PROBLEM REQUIREMENTS:
Because the images are not wanted, restate every line below word for word without them.

Free-text object descriptions
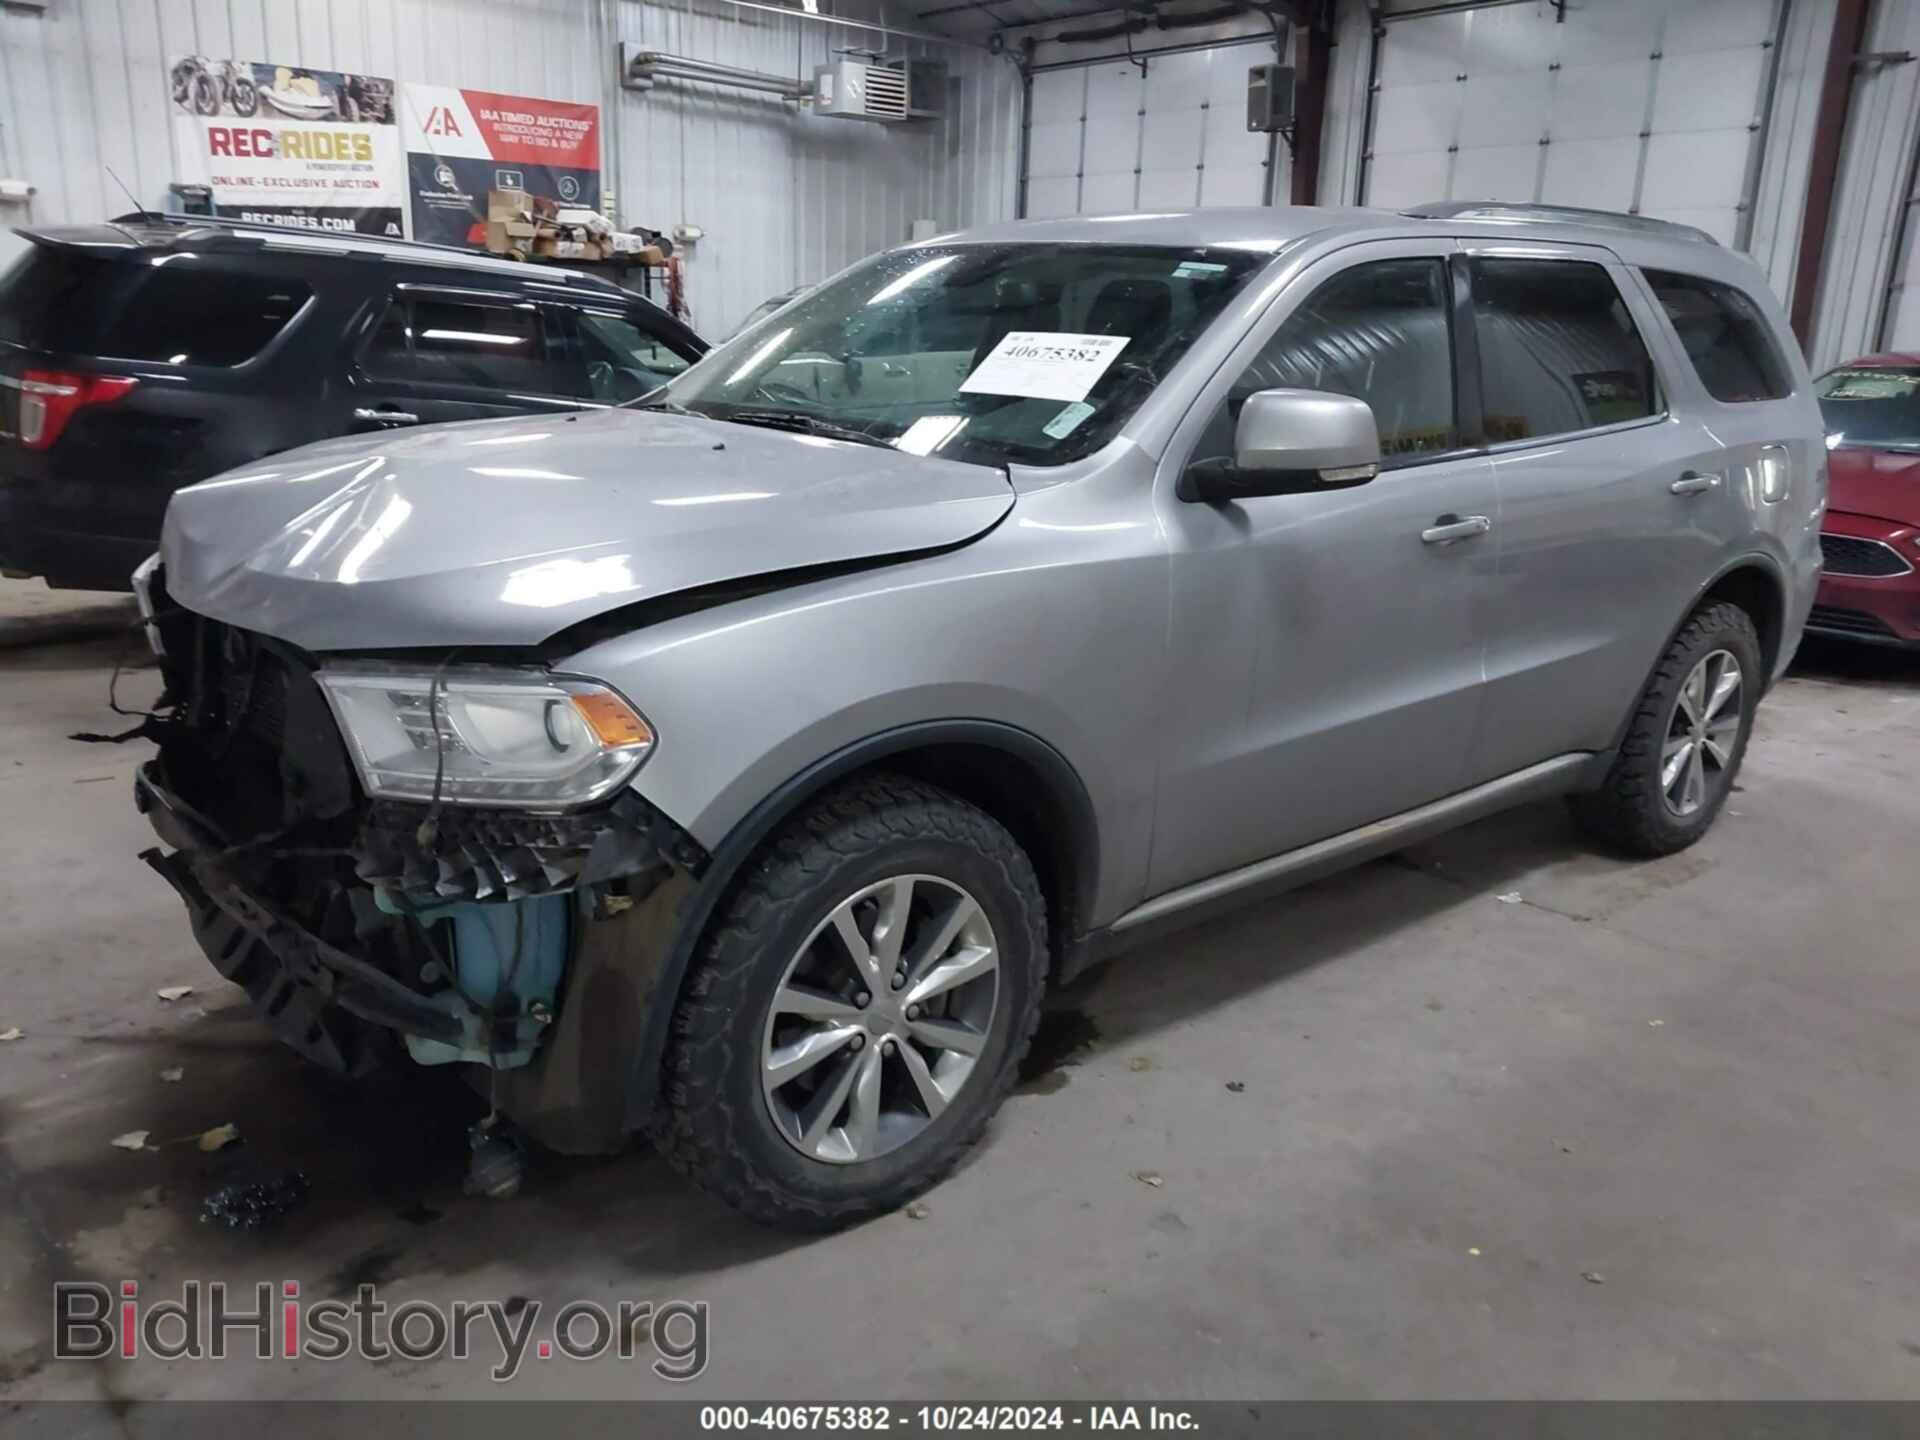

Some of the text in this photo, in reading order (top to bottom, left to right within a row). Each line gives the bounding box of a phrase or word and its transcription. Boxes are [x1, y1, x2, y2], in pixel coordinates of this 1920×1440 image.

[500, 112, 534, 125] TIMED
[493, 122, 552, 137] INTRODUCING
[562, 130, 584, 140] NEW
[279, 130, 373, 161] RIDES
[499, 133, 519, 143] WAY
[521, 135, 533, 144] TO
[535, 137, 549, 147] BID
[560, 139, 577, 150] BUY
[212, 176, 380, 189] ONLINE-EXCLUSIVE AUCTION
[242, 212, 355, 231] RECRIDES.COM
[1003, 345, 1101, 362] 40675382

FINISHED EXERCISE:
Some of the text in this photo, in reading order (top to bottom, left to right within a row). Each line gives the bounding box of a phrase or word and its transcription. Boxes are [x1, y1, x2, y2], in pixel coordinates of this 1920×1440 image.

[500, 112, 534, 125] TIMED
[493, 122, 552, 137] INTRODUCING
[562, 130, 584, 140] NEW
[279, 130, 373, 161] RIDES
[499, 133, 519, 143] WAY
[521, 135, 533, 144] TO
[535, 137, 549, 147] BID
[560, 139, 577, 150] BUY
[212, 176, 380, 189] ONLINE-EXCLUSIVE AUCTION
[242, 212, 355, 231] RECRIDES.COM
[1003, 345, 1101, 362] 40675382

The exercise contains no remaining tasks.